- What is required: Transcribe, exactly and in full, every record shown below, while omitting its images.

- Task inputs:
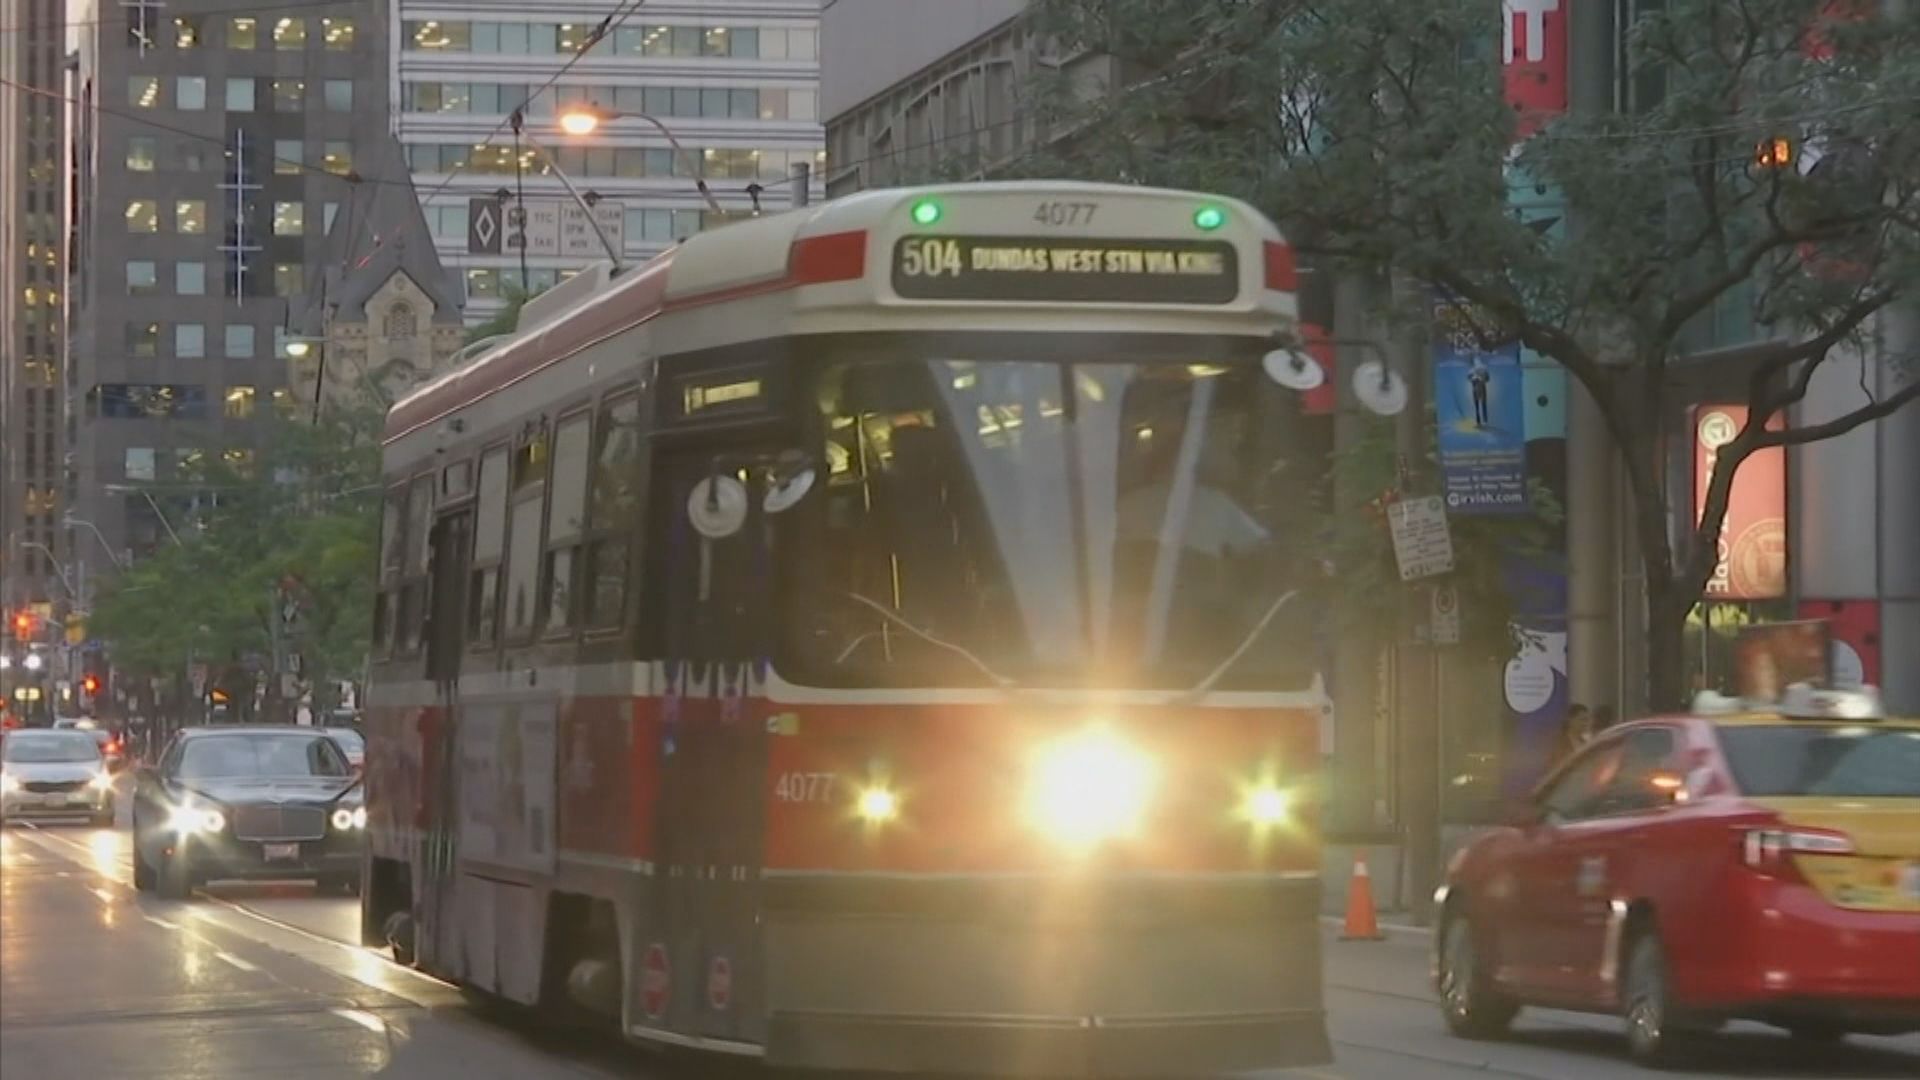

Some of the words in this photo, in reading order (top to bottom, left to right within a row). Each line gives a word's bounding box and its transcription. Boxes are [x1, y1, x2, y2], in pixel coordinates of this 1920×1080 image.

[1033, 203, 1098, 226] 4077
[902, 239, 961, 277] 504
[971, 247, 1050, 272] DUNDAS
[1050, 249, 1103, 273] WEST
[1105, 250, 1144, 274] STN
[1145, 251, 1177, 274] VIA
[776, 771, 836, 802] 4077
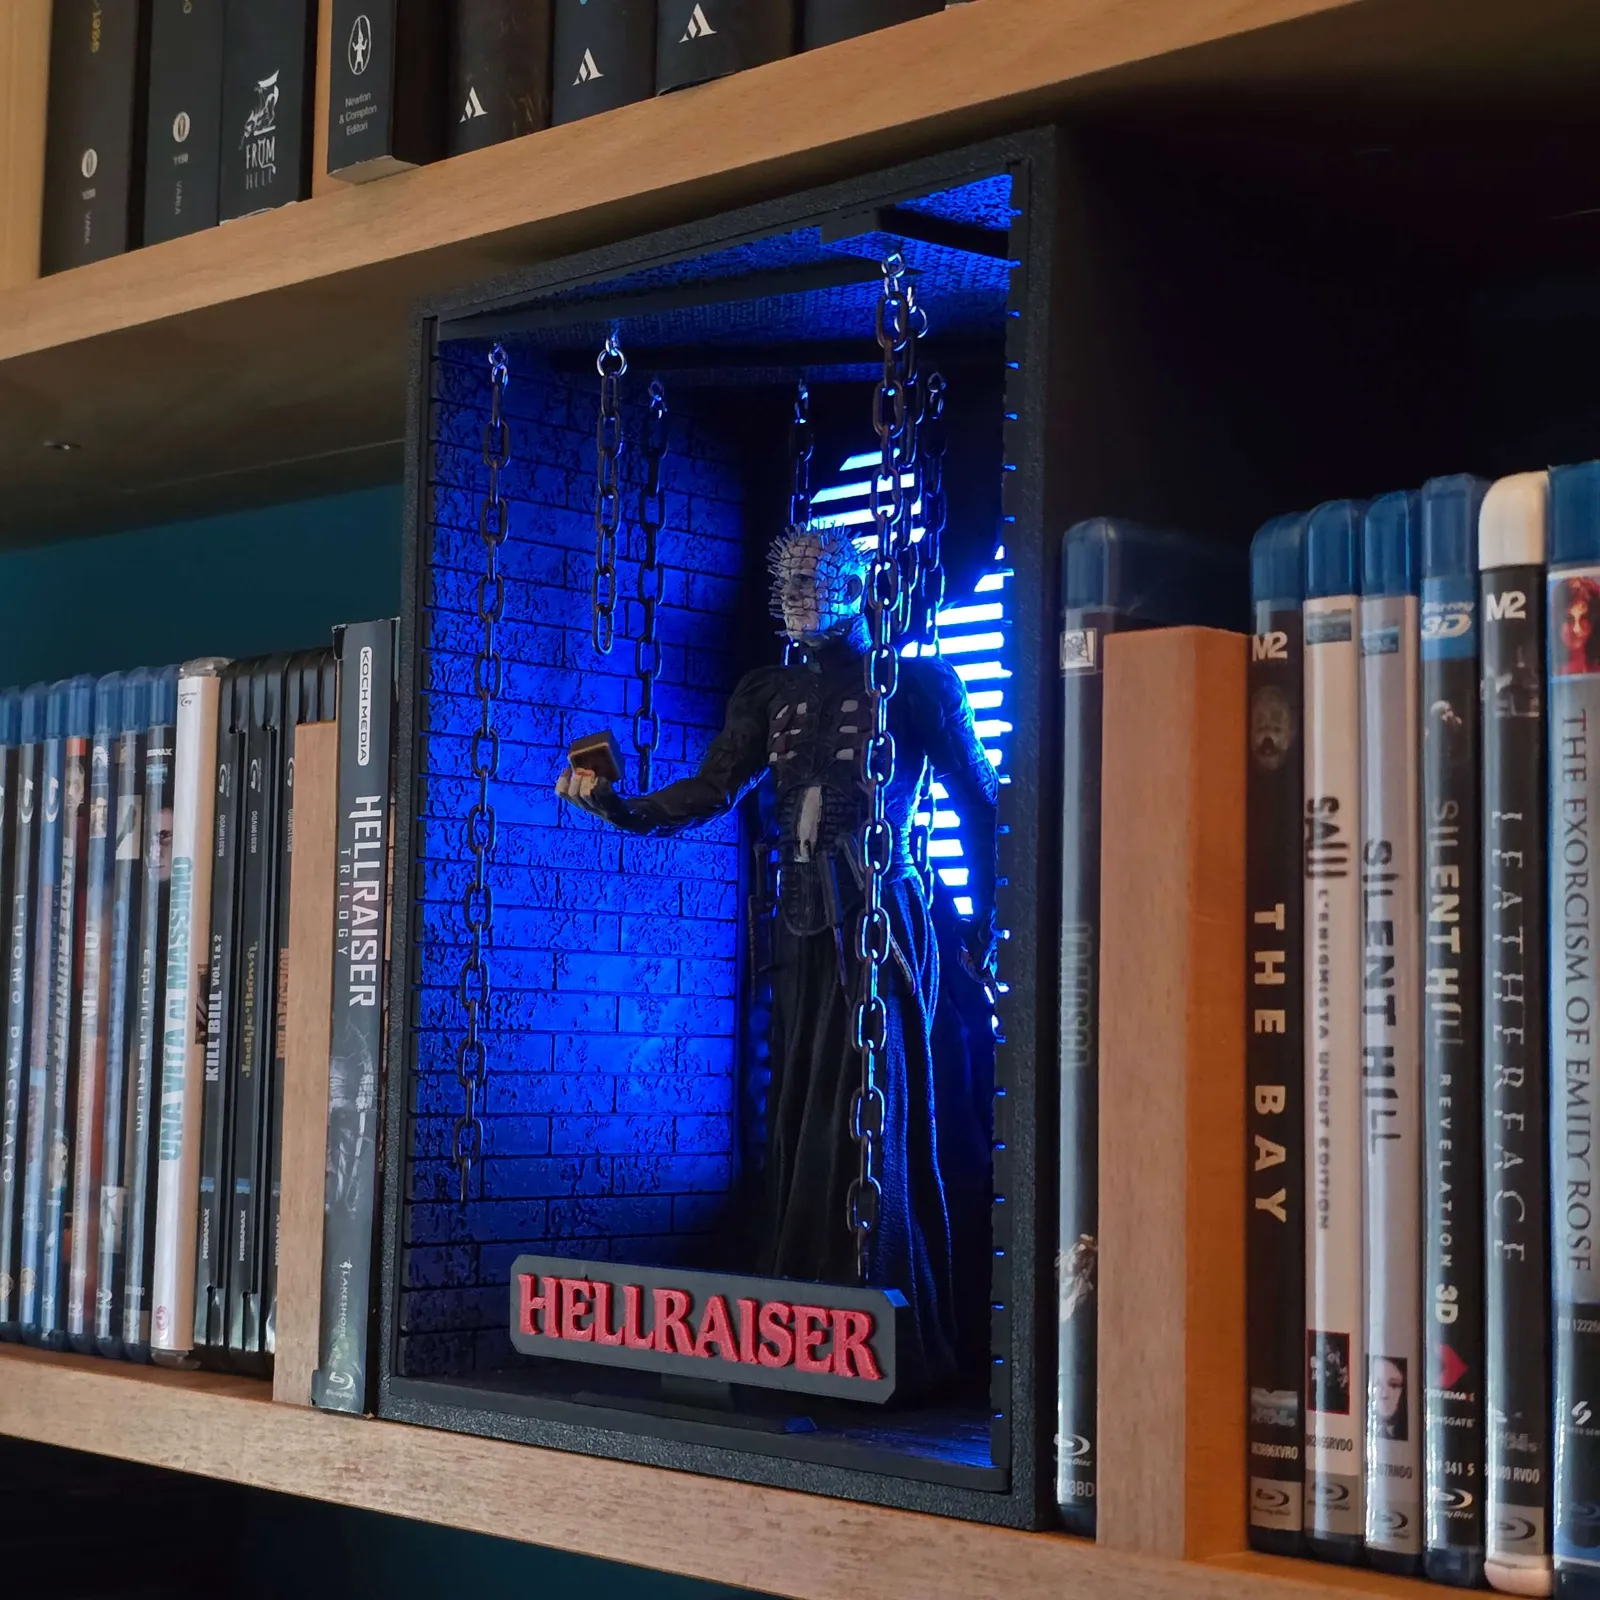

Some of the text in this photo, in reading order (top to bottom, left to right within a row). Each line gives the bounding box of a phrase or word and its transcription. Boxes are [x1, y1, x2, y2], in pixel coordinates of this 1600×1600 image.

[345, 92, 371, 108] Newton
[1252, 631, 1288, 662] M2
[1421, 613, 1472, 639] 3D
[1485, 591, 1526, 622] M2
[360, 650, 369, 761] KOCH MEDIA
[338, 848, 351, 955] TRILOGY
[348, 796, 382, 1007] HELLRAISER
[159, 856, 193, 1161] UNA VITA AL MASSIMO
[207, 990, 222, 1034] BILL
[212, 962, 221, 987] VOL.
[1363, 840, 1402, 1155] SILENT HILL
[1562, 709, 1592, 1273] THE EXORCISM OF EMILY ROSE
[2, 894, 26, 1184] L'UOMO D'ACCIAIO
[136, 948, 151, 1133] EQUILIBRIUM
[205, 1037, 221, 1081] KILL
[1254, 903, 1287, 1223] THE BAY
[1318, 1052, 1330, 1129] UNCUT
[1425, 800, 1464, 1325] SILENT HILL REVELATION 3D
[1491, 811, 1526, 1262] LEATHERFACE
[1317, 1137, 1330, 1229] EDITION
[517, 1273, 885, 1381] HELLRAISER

- Output:
Some of the words in this photo, in reading order (top to bottom, left to right within a row). Each line gives a word's bounding box and its transcription. Boxes are [x1, y1, x2, y2], in pixel coordinates of this 1920×1080 image.

[1033, 203, 1098, 226] 4077
[902, 239, 961, 277] 504
[971, 247, 1050, 272] DUNDAS
[1050, 249, 1103, 273] WEST
[1105, 250, 1144, 274] STN
[1145, 251, 1177, 274] VIA
[776, 771, 836, 802] 4077

Some of the text in this photo, in reading order (top to bottom, left to right within a row). Each line gives the bounding box of a phrase or word and its transcription. Boxes are [x1, y1, x2, y2], in pixel coordinates of this 1600×1600 image.

[345, 92, 371, 108] Newton
[1252, 631, 1288, 662] M2
[1421, 613, 1472, 639] 3D
[1485, 591, 1526, 622] M2
[360, 650, 369, 761] KOCH MEDIA
[338, 848, 351, 955] TRILOGY
[348, 796, 382, 1007] HELLRAISER
[159, 856, 193, 1161] UNA VITA AL MASSIMO
[207, 990, 222, 1034] BILL
[212, 962, 221, 987] VOL.
[1363, 840, 1402, 1155] SILENT HILL
[1562, 709, 1592, 1273] THE EXORCISM OF EMILY ROSE
[2, 894, 26, 1184] L'UOMO D'ACCIAIO
[136, 948, 151, 1133] EQUILIBRIUM
[205, 1037, 221, 1081] KILL
[1254, 903, 1287, 1223] THE BAY
[1318, 1052, 1330, 1129] UNCUT
[1425, 800, 1464, 1325] SILENT HILL REVELATION 3D
[1491, 811, 1526, 1262] LEATHERFACE
[1317, 1137, 1330, 1229] EDITION
[517, 1273, 885, 1381] HELLRAISER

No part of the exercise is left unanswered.